On most days, I high mask and I’ve mentioned this many times. I’m high masking and faking a bit of confidence to get by but that’s how you have to do it most days; this can be referred to as imposter syndrome. Imposter syndrome is high masking as an autistic individual. I don’t mean to do this but there’s so much shame and stigma when it comes to autism and being neurodivergent. I recently had a conversation with my friend in real life about incorporating more real neurodiverse conversations in our workplaces. It’s challenging enough to try to do the tasks at work while trying to prevent a meltdown or becoming too overloaded with not even the tasks that we have to do but with navigating conversations. As I mentioned previously, communication is not our strong suit and we’re forcing that conversation and eye contact. When I was working with my friend last night, I had to look away during our conversations and I’m sure she noticed that. I feel that with eye contact, their eyes are drilling into mine and I feel uncomfortable — By the way, I cannot say this word at all- Uncomfortable.
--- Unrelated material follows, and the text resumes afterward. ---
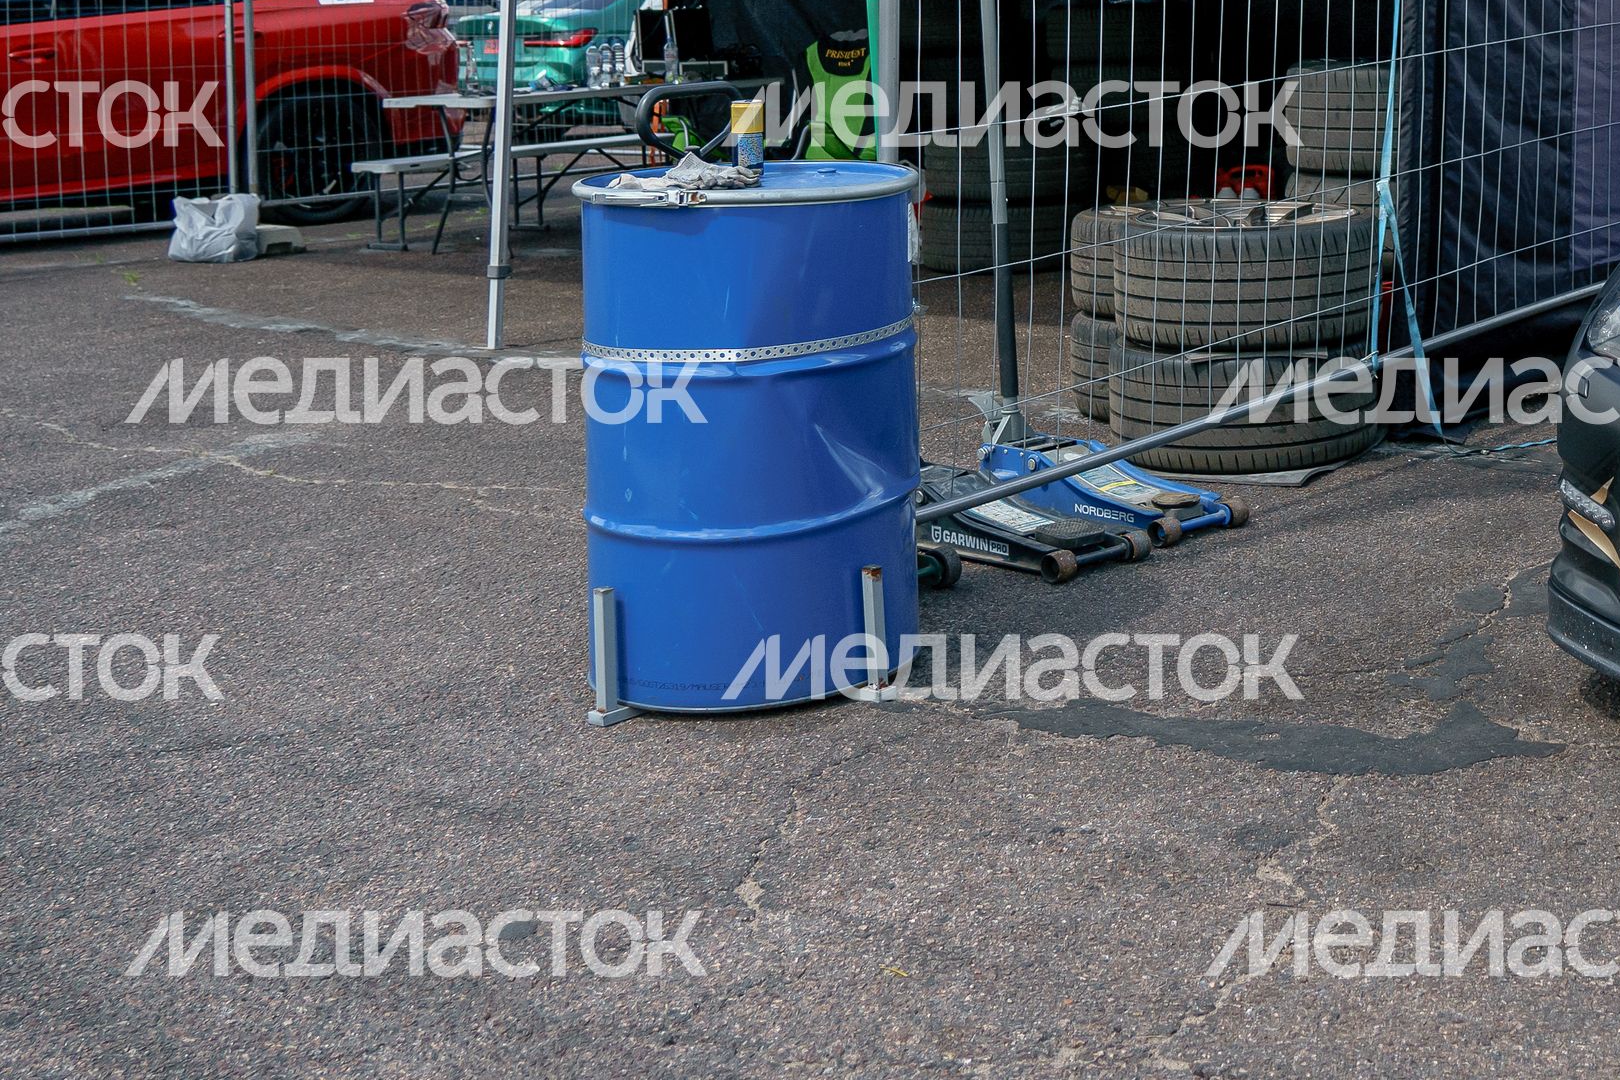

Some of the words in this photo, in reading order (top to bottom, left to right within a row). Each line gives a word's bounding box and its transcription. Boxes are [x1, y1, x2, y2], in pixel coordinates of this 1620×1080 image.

That being said, taking lengthy spaces for ourselves to re-fuel and re-energize can be needed to process life and what we need to do. This can look like setting boundaries, walking away from situations and/or people that do not serve us at all, and saying the words “no” which can be challenging for the average autistic individual. If we don’t have boundaries and we continue to give so much of our time and energy to people — I know this from experience that we will burn out instantly as it’s happen previously and, even, recently.

Please feel free to share this with your loved ones and/or with the public even. Please feel free to share this with someone that you think may need to understand what autism is and how it can impact our lives every day.

I’m trying my best and I can only do so much. I do have to keep reminding myself that it’s that 1%-5% every day that does matter — Even if we can only manage to get out of bed and this doesn’t include brushing our teeth. This morning and it;s only 11:15am, I have not brushed my teeth or had breakfast. I’m overwhelmed with everything that I need to do but I will manage and I will reach out and talk to someone because, sometimes, we need to. As mentioned, we have to be our own advocates in this world as challenging and tedious that can be.